In the last few years, technology caught up to the idea, and Beer’s team of thousands of volunteers throughout Israel can be notified of a nearby emergency in seconds, which can mean the difference between life and death.
A short, slickly produced video showed a diverse group of Israelis working together to provide medical care to whoever needed it, free of charge. It’s all “100% politics free,” Beer told the crowd. You could pose with an ambucycle outside.

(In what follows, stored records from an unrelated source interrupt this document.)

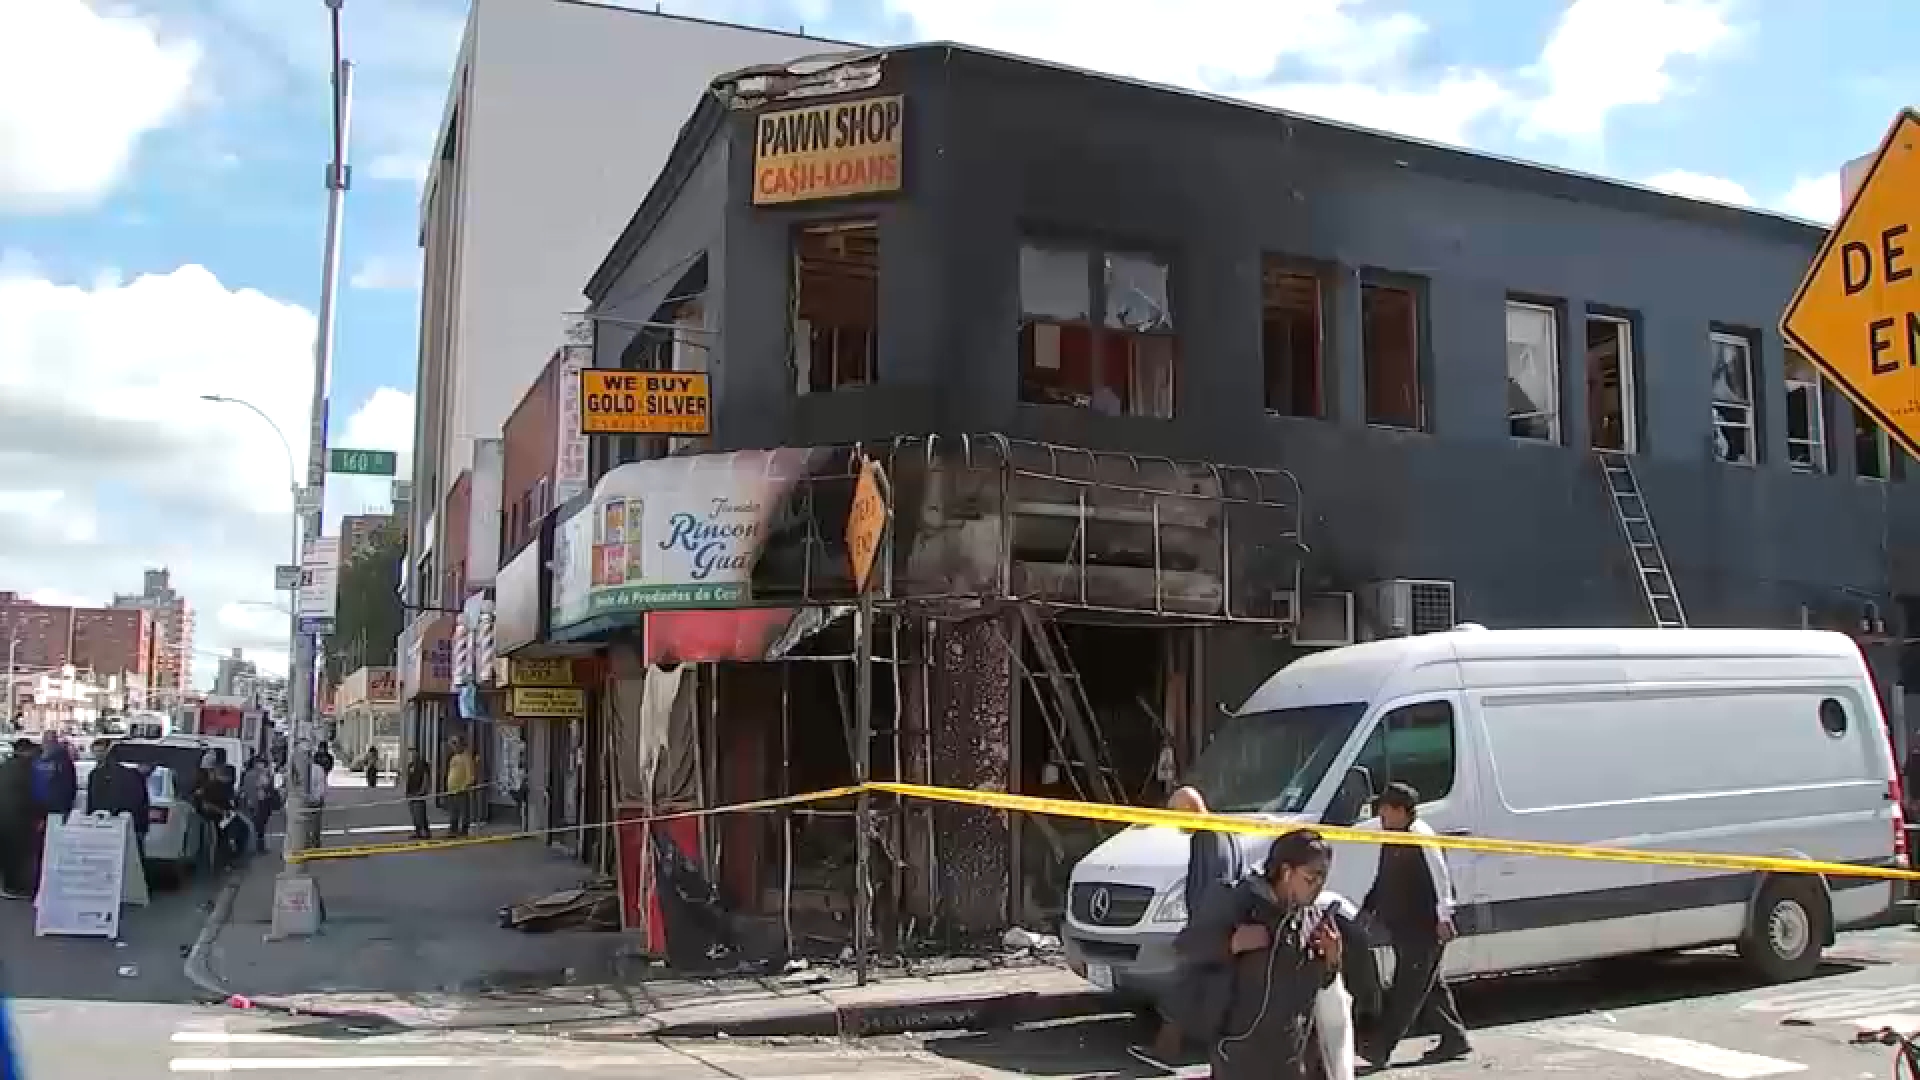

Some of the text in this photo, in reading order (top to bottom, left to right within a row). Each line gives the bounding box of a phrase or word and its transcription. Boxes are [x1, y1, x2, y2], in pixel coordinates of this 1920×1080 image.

[760, 101, 899, 157] PAWN SHOP
[603, 375, 692, 393] WE BUY
[588, 393, 635, 414] GOLD
[647, 394, 706, 415] SILVER
[343, 451, 369, 471] 160
[658, 512, 762, 551] Rincon

Gary Erlbaum, a sponsor of the evening and a friend of Beer’s, riffed on that in his short crowd appeal.
“‘Free, free, free.’ Sounds just like the debate I watched the other night,” he said, to a few laughs, scattered clapping and groans.
With that, the panel discussion finally began. In spite of a long-winded moderator, who prompted grumbles from many in the audience, the cast members demonstrated that they’d thought very seriously about what “Shtisel” is and what it means to people.
Riskin thought that the show, by showing haredim in their private, intimate settings, had tried to tell viewers that you could “just be, without trying to become.”
Glickman talked about his initial aversion to putting on the false beard — he joked that he’d requested a CGI version — but said that as he grew more comfortable, came to find it indispensable to his understanding of the character. In a way, it seems, playing haredi dress-up was the actually the path to understanding something deeper about their world. After a few clips and questions, the lights came up, and the wristband-less headed for the exits.
“Shtisel,” United Hatzalah and My Israel’s Miracle: In a way, they all serve a similar function. Merit aside — and the merit is quite real, be it saving lives, a compelling drama or shinier hair — all three promise a way to engage with Israel without having to think about politics. Is that necessary in times of polarization, or is it a means of engaging with “Israel,” instead of Israel?
I’ll evade that question myself with a “Shtisel” catchphrase: bechechlet. “Definitely.”